*** Opening of Task inputs ***

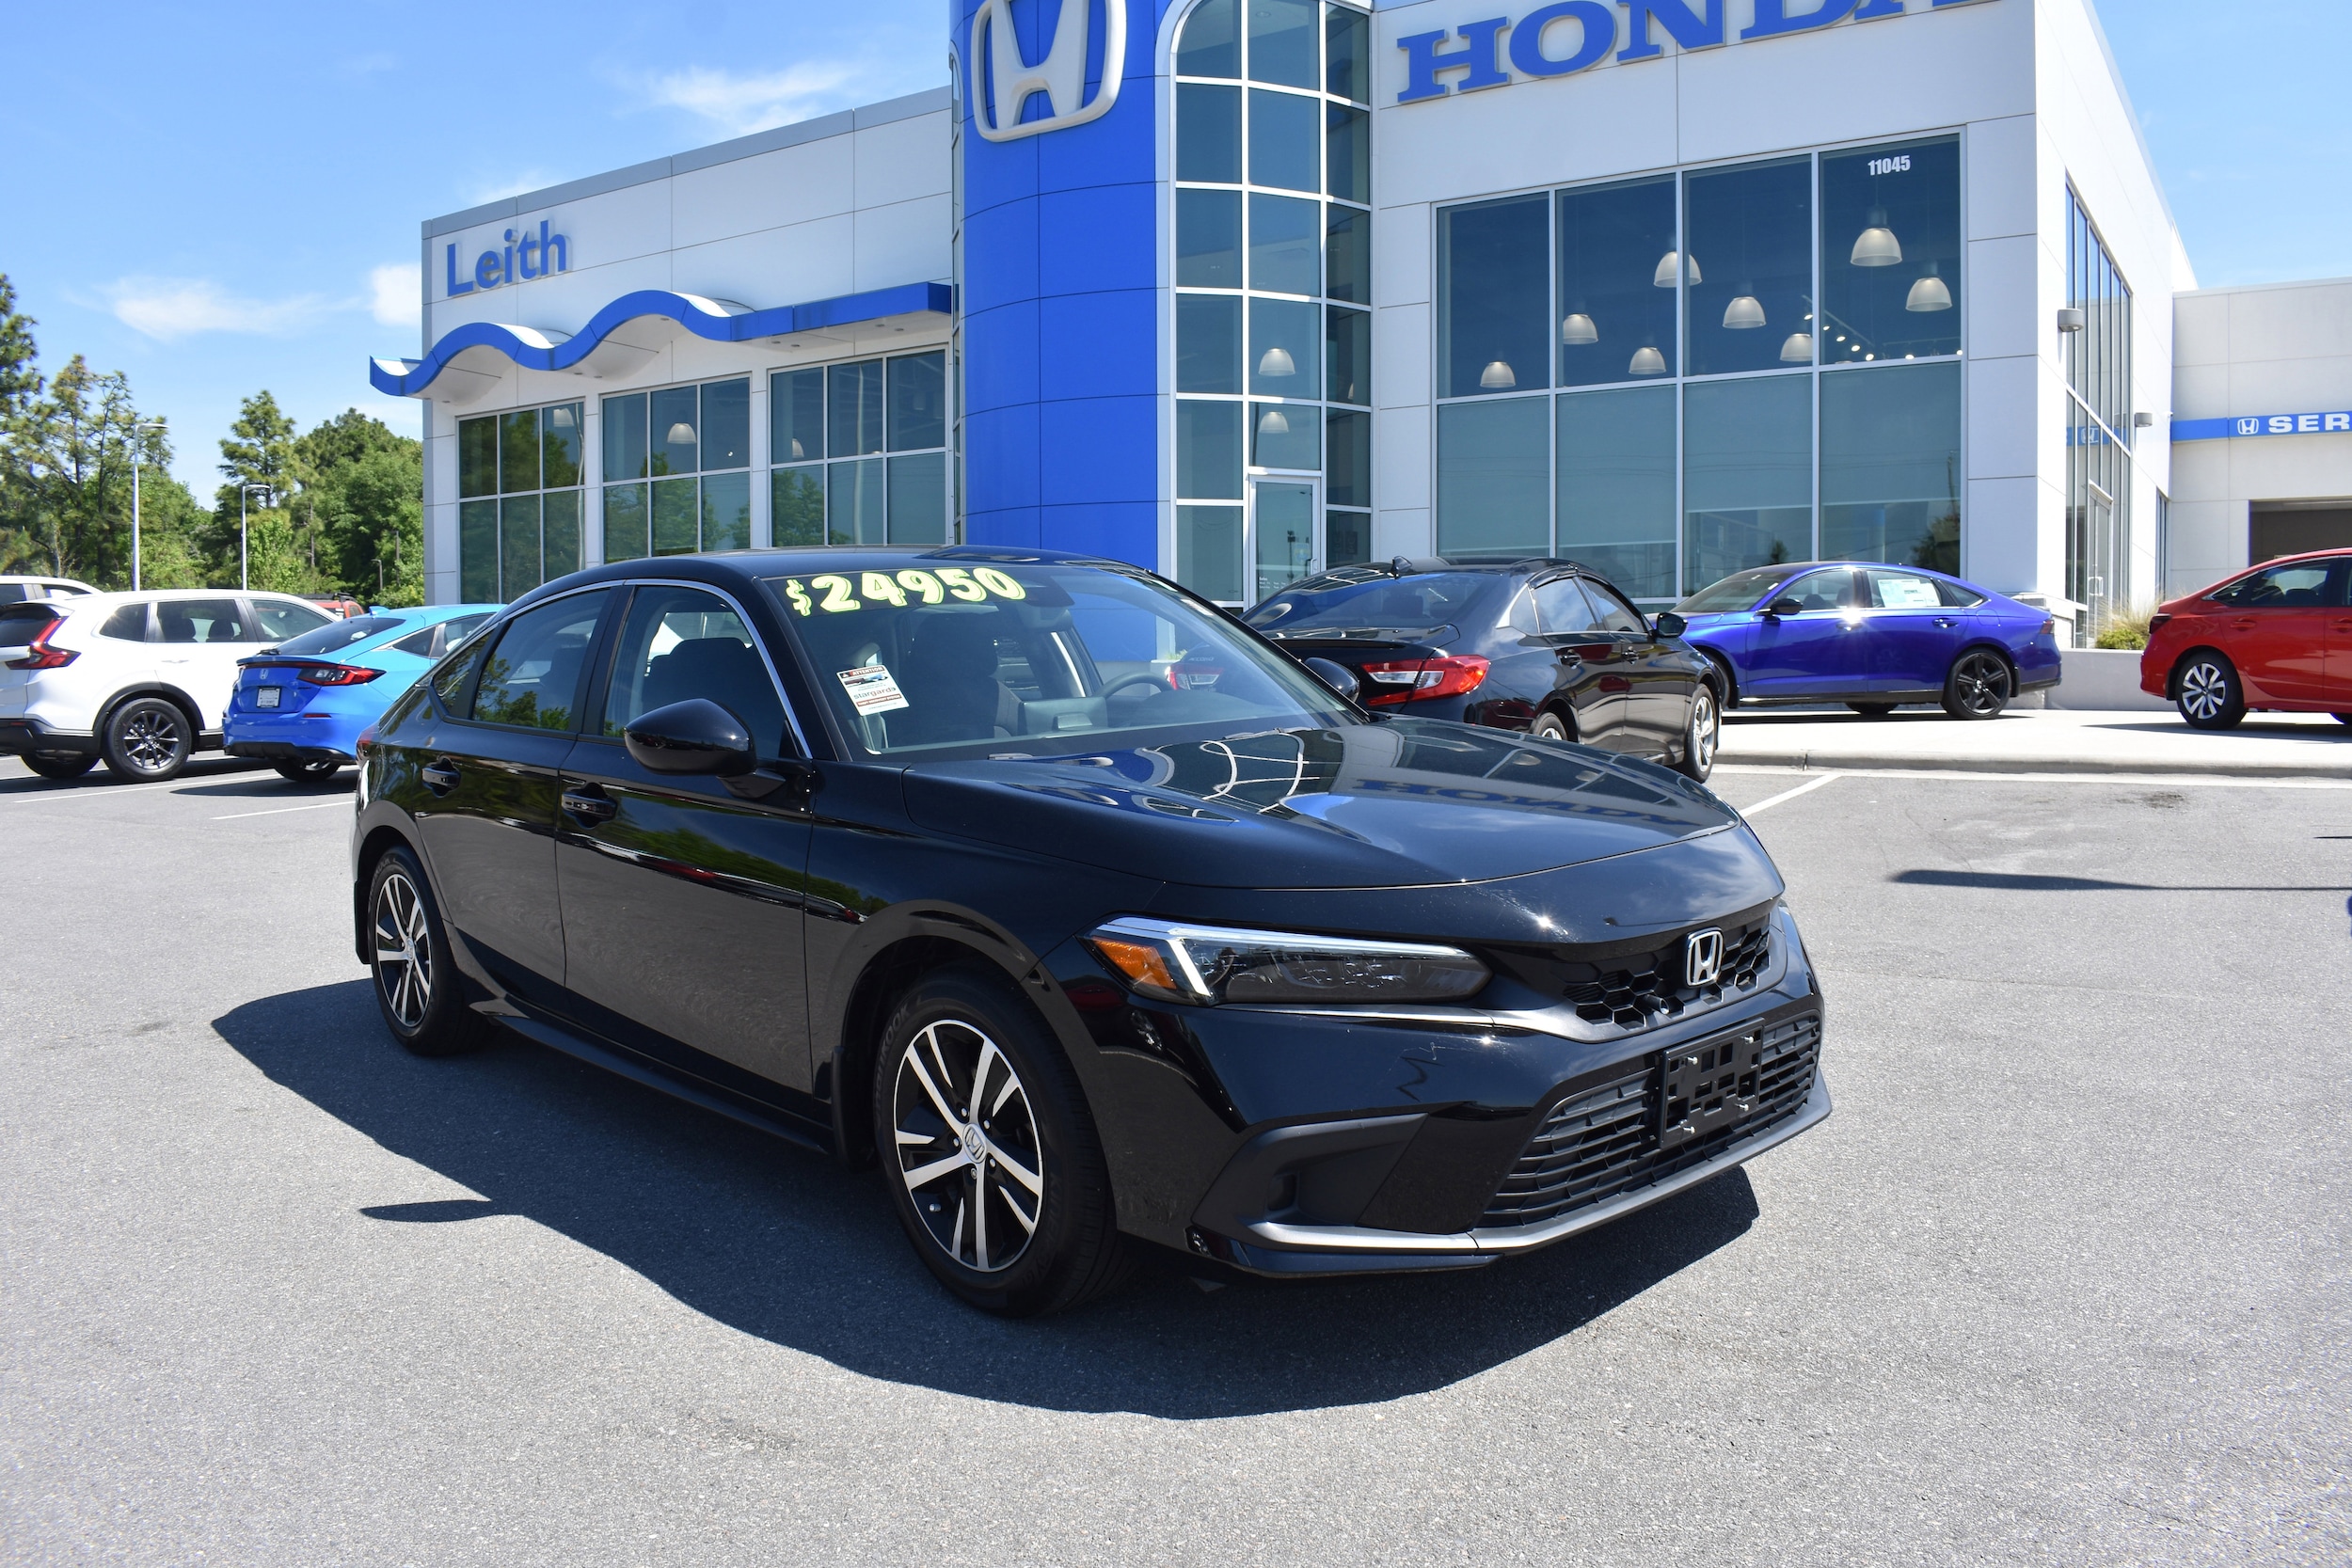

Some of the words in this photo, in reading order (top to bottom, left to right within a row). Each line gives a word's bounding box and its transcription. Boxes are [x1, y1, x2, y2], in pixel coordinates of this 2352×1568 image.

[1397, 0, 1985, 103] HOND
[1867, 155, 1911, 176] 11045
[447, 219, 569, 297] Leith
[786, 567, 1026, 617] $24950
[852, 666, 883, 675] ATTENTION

*** Close of Task inputs ***

§ What to produce
Since pictures are not part of the copy, set down only the remaining data exactly.

§ Response to the exercise
Some of the words in this photo, in reading order (top to bottom, left to right within a row). Each line gives a word's bounding box and its transcription. Boxes are [x1, y1, x2, y2], in pixel coordinates of this 2352×1568 image.

[1397, 0, 1985, 103] HOND
[1867, 155, 1911, 176] 11045
[447, 219, 569, 297] Leith
[786, 567, 1026, 617] $24950
[852, 666, 883, 675] ATTENTION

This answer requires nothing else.